There's no way in hell you can mitigate a DDoS attack (in a home network) because it will most likely over saturate the backbone before it even reaches you. Mitigation machines are fine tuned firewalls that cost a tens of thousands of dollars.

 

Second thing that you need to worry about is getting null-routed or even suspended by your ISP. No ISP want's their network to suffer because of someone.

 

Talk to whoever had this bright idea to do this to you.

 

 

This is definitely the most concise response here so far. PFSense won't help. A VPN won't help. A DDoS works by flooding the incoming pipe with connection requests. Even refusing those requests takes up resources. Especially since PFSense is on the wrong end of the network line to do any mitigation at all.

 

DDoS mitigation services work as a middle man between your connection. Your true IP Address is never exposed in this scenario. As one IP Address is flooded by the DDoS attack, the mitigation service slips your connection to a new IP Address, and bounces you around, filtering out as much traffic as possible.

 

If your true IP Address is already exposed then I don't really see anything that can be done. Using a VPN won't change the IP Address your Modem has, it will just protect you from having your IP Address exposed in the future. Anyone who already knows it won't suddenly forget about it. A VPN doesn't block or cancel out traffic on your regular IP Address, because the VPN service is connecting to that regular IP Address, and using it to communicate with you.

 

The only real solution I can see is changing your IP Address.

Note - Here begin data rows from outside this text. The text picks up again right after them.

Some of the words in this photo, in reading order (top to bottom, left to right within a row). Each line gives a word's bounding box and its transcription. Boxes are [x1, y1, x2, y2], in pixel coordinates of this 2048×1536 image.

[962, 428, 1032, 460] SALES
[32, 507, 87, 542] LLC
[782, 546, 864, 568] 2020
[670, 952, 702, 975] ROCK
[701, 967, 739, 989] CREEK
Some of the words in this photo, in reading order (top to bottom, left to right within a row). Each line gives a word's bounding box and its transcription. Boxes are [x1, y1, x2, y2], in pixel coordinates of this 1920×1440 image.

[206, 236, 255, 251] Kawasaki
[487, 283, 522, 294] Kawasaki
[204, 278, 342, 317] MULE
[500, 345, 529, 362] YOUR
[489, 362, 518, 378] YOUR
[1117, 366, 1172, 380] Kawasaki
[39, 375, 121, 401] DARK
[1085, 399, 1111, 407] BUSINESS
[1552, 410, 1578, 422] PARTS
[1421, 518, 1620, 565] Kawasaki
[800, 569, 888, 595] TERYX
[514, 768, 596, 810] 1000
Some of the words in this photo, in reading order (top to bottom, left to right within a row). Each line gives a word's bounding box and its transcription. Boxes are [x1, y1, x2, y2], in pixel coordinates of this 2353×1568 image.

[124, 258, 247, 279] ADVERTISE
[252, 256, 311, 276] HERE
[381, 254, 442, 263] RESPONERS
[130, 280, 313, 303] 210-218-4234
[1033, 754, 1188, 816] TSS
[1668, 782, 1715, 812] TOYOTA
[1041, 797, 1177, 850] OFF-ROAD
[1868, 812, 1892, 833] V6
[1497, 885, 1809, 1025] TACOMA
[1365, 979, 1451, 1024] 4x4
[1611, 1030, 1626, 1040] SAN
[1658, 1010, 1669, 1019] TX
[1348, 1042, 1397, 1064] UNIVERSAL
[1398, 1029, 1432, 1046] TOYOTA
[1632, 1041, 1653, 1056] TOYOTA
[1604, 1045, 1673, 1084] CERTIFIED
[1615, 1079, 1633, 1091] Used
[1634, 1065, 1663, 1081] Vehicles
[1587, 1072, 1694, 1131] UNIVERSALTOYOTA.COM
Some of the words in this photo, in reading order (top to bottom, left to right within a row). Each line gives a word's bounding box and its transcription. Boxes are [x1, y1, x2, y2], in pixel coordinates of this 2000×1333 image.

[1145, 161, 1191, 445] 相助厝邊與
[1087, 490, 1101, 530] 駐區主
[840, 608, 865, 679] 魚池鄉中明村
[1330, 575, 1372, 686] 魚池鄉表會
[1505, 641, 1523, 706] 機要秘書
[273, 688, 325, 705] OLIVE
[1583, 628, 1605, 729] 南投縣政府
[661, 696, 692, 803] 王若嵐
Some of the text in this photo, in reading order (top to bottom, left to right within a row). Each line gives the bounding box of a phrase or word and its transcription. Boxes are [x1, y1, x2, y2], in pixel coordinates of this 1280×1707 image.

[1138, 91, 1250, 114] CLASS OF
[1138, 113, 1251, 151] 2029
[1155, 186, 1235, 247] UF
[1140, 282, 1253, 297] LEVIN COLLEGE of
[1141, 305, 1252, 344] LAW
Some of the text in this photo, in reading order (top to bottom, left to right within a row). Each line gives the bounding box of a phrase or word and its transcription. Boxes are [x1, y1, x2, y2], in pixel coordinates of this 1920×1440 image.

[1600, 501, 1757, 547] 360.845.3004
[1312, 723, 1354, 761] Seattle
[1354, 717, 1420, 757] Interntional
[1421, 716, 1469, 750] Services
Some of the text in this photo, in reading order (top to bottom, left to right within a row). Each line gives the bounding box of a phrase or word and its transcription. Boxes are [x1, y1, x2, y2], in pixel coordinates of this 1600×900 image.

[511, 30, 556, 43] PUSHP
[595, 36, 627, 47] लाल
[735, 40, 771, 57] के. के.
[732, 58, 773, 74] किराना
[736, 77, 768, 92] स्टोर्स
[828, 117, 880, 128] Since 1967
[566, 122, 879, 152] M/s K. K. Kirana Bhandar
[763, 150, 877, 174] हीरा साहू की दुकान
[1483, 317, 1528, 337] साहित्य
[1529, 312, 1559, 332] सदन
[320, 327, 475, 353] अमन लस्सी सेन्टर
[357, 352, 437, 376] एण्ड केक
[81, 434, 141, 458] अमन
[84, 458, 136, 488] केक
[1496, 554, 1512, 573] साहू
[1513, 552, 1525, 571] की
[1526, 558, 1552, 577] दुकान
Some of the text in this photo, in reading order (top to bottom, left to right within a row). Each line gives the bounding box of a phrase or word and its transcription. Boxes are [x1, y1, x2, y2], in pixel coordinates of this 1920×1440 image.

Once you do that, using a VPN to protect your IP from further exposure is a good way to prevent DDoS exposure, but it won't help until you have a new, "secret" IP Address. @acdcman200 you need to convince your ISP to give you a new IP Address. If all else fails, and this is a serious issue, then you could cancel your connection, wait for it to be disconnected, then have the service hooked up again - that would definitely give you a new IP. But I would straight up ask your ISP why they won't give you a new IP Address. Furthermore, DDoS attacks are illegal in basically almost every country. Why are your brothers friends DDoSing you to begin with? Is he that big of an asshole? How old is he? Does he live at home? If you cannot convince him to stop, then you need to go to your parents or the police.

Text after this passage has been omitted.